MERRIN Benchmark Reveals AI Agents Struggle with Multimodal Reasoning, Achieving 40.1% Accuracy Against Human's 71.4%

A new benchmark named MERRIN (Multimodal Evidence Retrieval and Reasoning in Noisy Web Environments) has been introduced to evaluate AI agents' ability to navigate and reason through complex, real-world web information. Developed by researchers from UNC Chapel Hill, Virginia Tech, and the University of Texas at Austin, MERRIN highlights significant limitations in current AI capabilities for multimodal understanding and reasoning in noisy digital environments. The paper, published on arXiv, details the benchmark's design and initial findings.
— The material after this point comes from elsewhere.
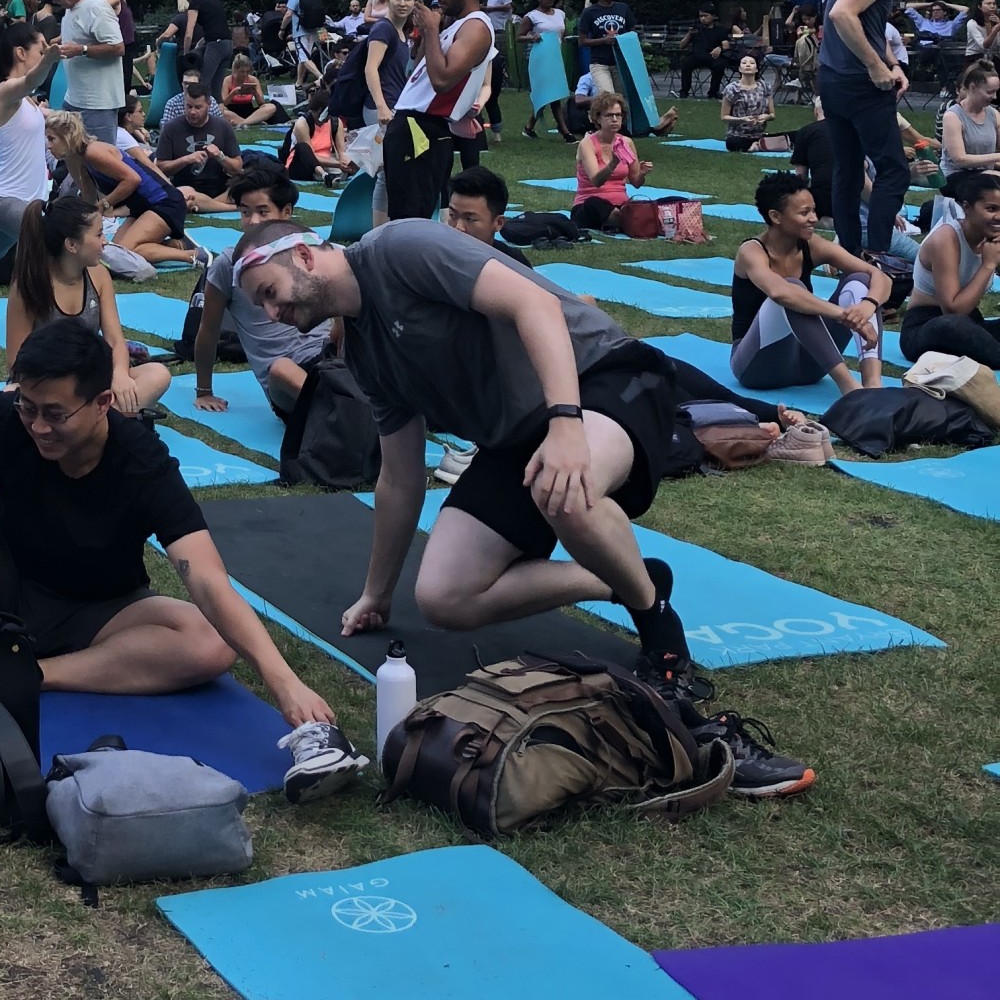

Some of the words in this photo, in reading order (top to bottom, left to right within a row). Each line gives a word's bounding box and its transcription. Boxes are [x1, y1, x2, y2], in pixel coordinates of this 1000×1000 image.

[593, 14, 626, 26] DISCOVERY
[685, 612, 888, 644] YOGA
[295, 877, 390, 899] GAIAM
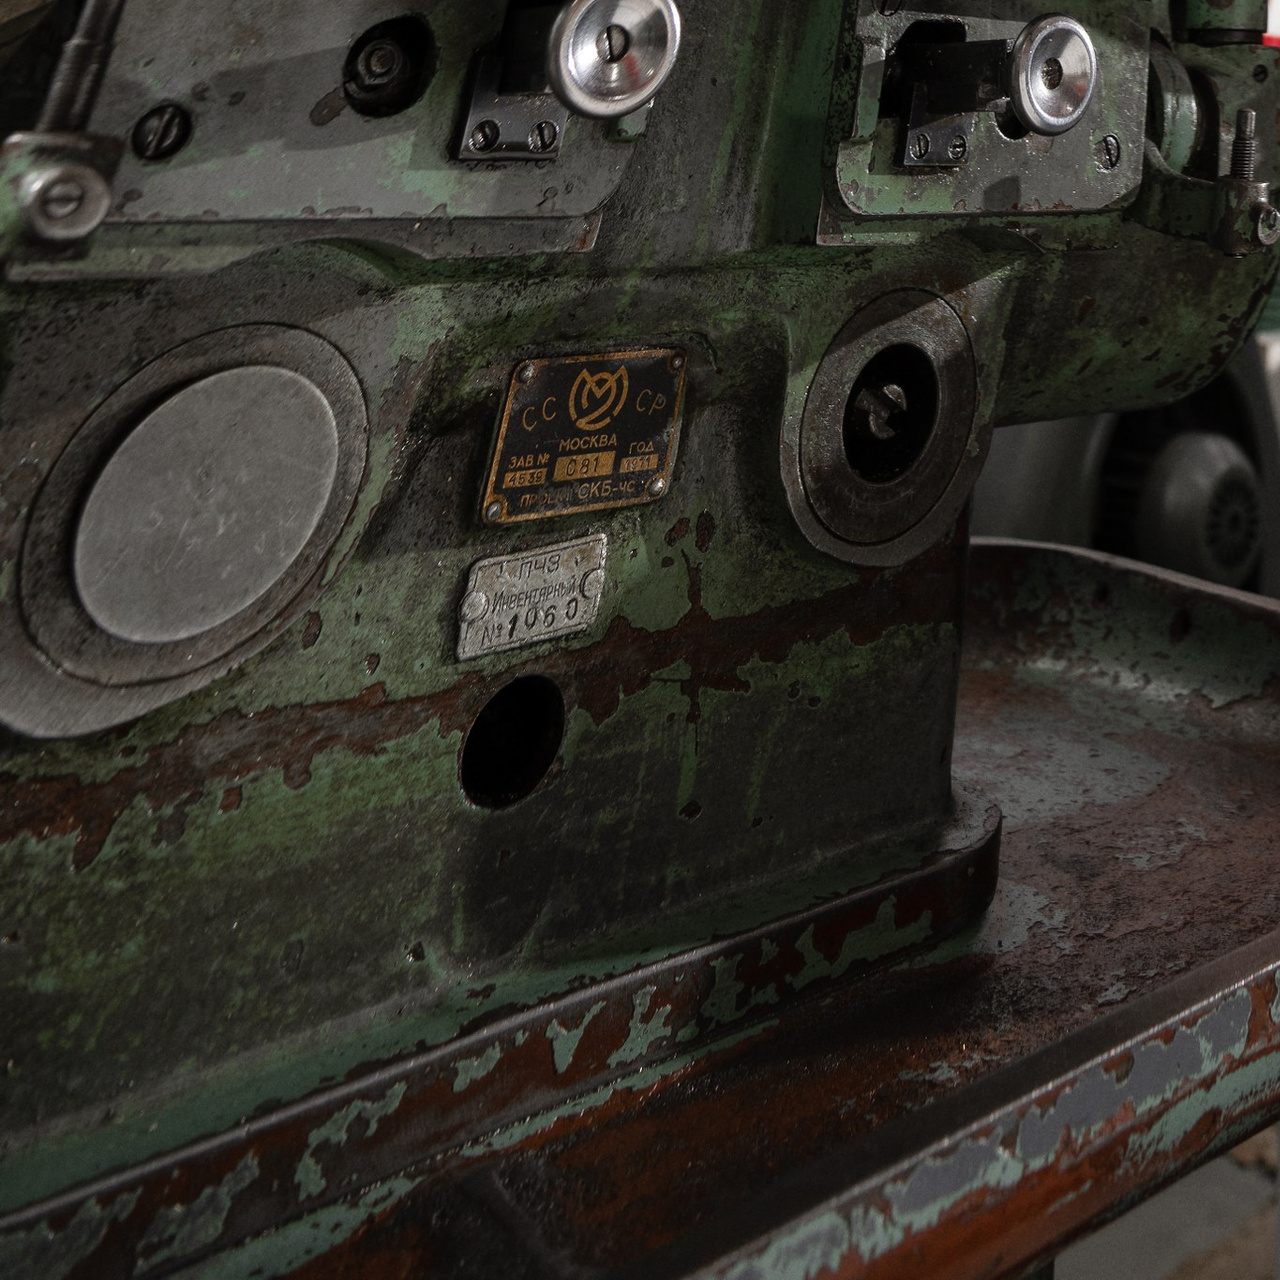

MERRIN addresses critical gaps in existing benchmarks by requiring AI agents to process natural language queries without explicit modality cues, incorporate underexplored modalities like video and audio, and contend with noisy, conflicting, and incomplete web evidence. The benchmark is human-annotated and designed to reflect the multi-hop reasoning often required in real-world search tasks. It challenges agents to identify relevant modalities and retrieve pertinent evidence from diverse sources.

Initial evaluations on MERRIN demonstrate that current AI agents perform poorly, with an average accuracy of just 22.3% across all tested models. Even the best-performing agent, Gemini-3.1-Pro with Agentic Multimodal Search, achieved only 40.1% accuracy. This contrasts sharply with human performance, where annotators achieved 71.4% accuracy on a subset of the questions, utilizing significantly fewer search queries and visits.

The research indicates that reasoning, rather than search effectiveness, is the more pressing bottleneck for AI agents. Providing agents with gold-standard evidence only led to a modest 7.6% improvement in accuracy, suggesting that even with perfect information retrieval, agents struggle with the subsequent reasoning steps. Furthermore, agents exhibited a strong bias towards textual evidence, often overlooking crucial information in video and audio formats, and were prone to "over-exploration" in noisy environments without converging on correct answers.

These findings underscore the urgent need for advancements in AI systems capable of robustly searching and reasoning across diverse modalities in complex web environments. MERRIN serves as a valuable testbed for future research aimed at bridging the substantial performance gap between AI agents and human cognitive abilities in multimodal information processing.